Ronald Arculli, chairman of the authority's development committee, said there had been a double-digit increase in construction costs since the government approved project funding of HK$21.6 billion in 2006.
The building of environmentally friendly facilities, which was not included in previous agreements, was expected to add to the final bill, he said.
Arculli said further discussions were needed to see who would bear this additional burden.
'We still have HK$21.6 billion unused,' he told a radio station. 'It's too early to say we are running out of funding.'
Some of the options being considered are a bond issue, private sponsorship and bank loans.
Louis Yu Kwok-lit, the authority's executive director for performing arts, said one way of saving public money would be to let sponsors name facilities. He gave the example of New York's famed Carnegie Hall, which was named after industrialist Andrew Carnegie.
The authority would seek private partnerships for the three most commercially viable facilities: a 15,000-seat performance venue, an exhibition centre and a 2,000-seat musical theatre, he said. They are scheduled for completion by 2020.
However, the authority would need to determine some principles before approaching possible sponsors, such as the type of facilities suitable for naming and the mechanics of establishing sponsorship deals, he said.

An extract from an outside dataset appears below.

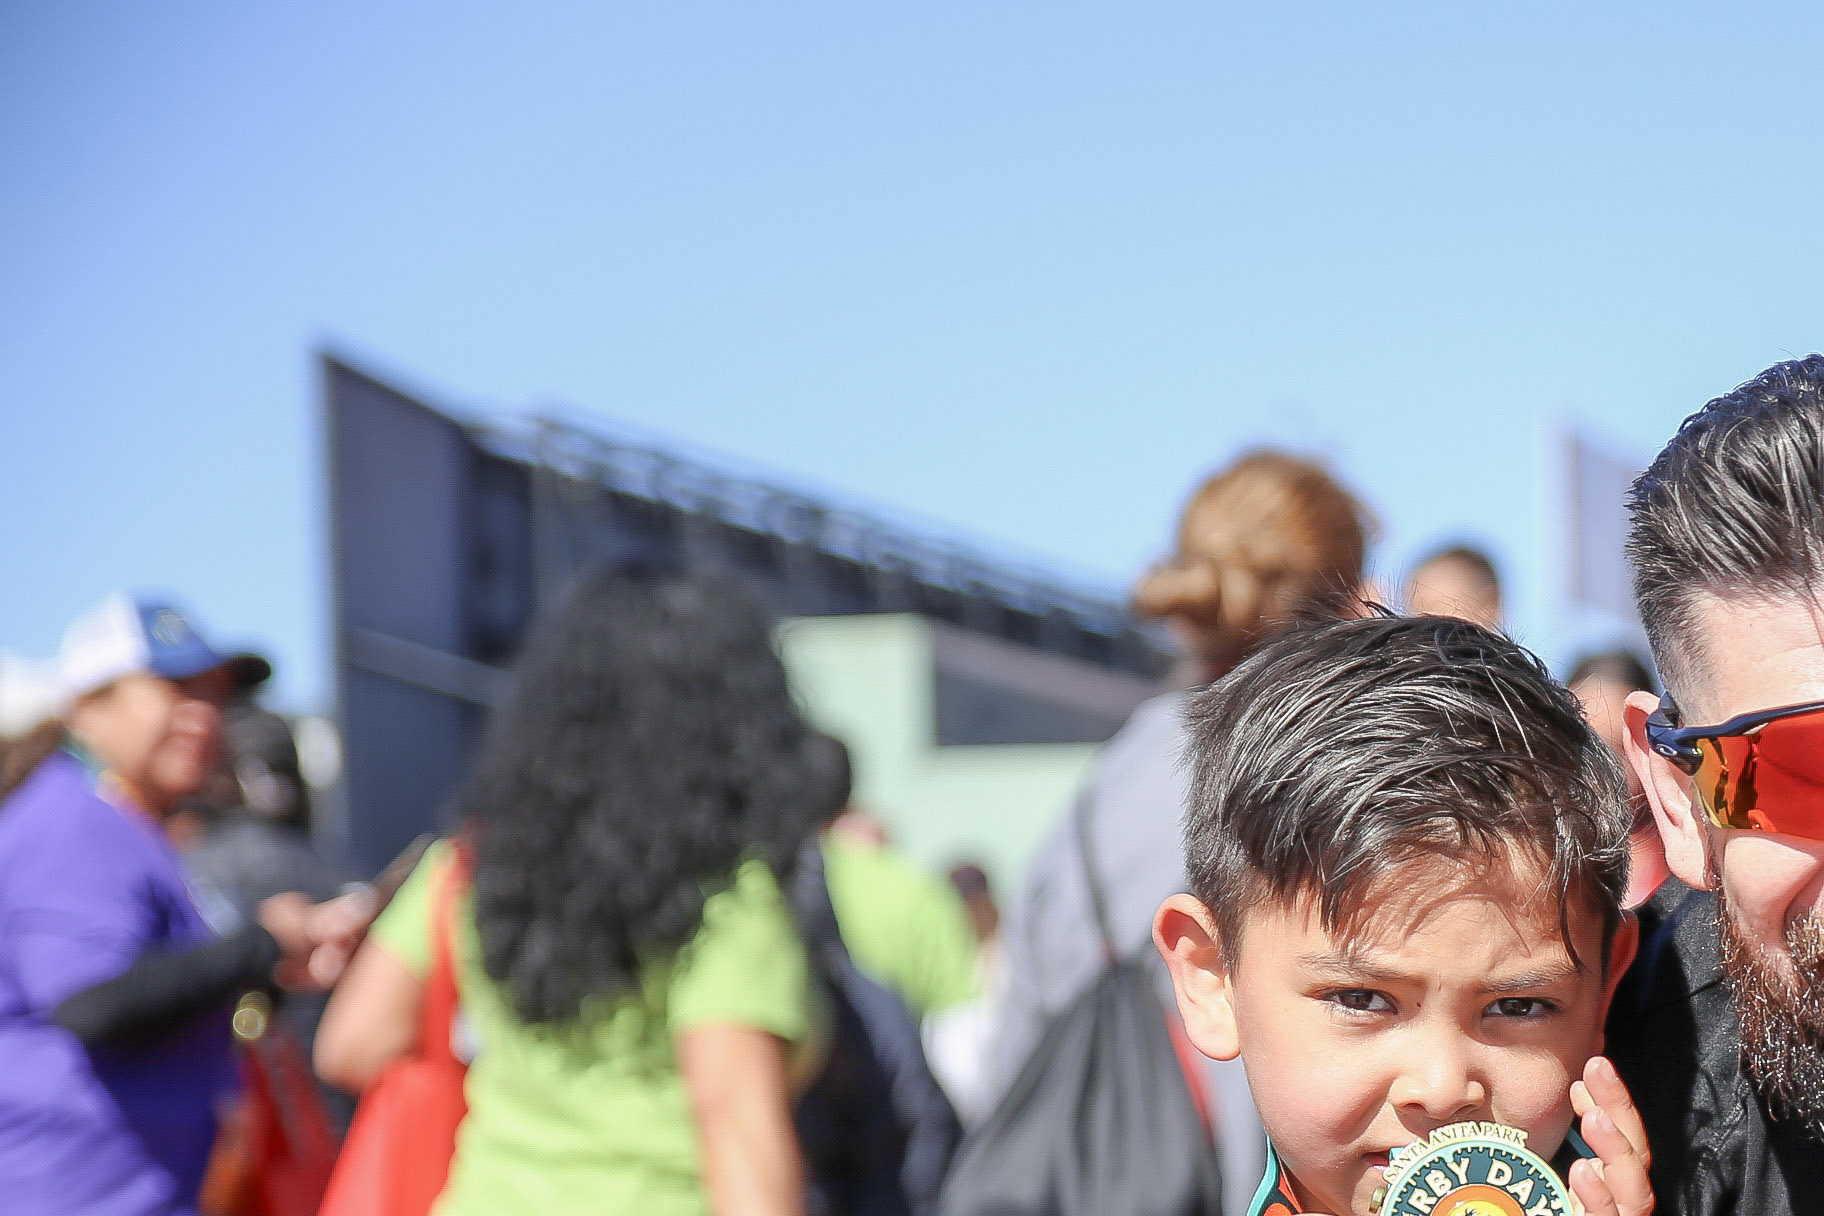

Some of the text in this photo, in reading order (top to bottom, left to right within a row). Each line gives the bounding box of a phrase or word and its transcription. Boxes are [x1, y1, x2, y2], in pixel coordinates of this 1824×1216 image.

Yu anticipates around 10 performances will take place each night when the first phase of the project was completed in 2020. He said there would be abundant smaller venues and tickets for shows would be affordable.
Meanwhile, outdoor shows for the Hong Kong International Jazz Festival began at West Kowloon yesterday, though not without controversy. Local musician Ku Chi, who composed songs for Eason Chan Yik-shun's album Stranger Under My Skin, was invited to perform on a 'mobile stage' at the festival. But he walked out when he noticed the 'stage' was in fact a pavilion in the park, with no backdrops or shields to protect musical equipment in case of rain.
It was also much smaller than the biggest square stage, where the audience paid to watch performances, or a second, circular stage where musicians played free of charge. Both these venues were protected by tents.
'I was promised a proper stage, not somewhere in front of a rubbish bin,' Ku said, claiming there was a lack of respect for local musicians.
Six local bands were invited to play at the festival and while they had their transport costs covered, there were no performance fees.
Hong Kong Jazz Association president Peter Lee Kai-kwan said the mobile stage's backdrop was blown away by the typhoon.
'There was a lack of venues for bands. All we wanted to do is to offer them an extra venue ... we can't help if they don't like its size,' he said.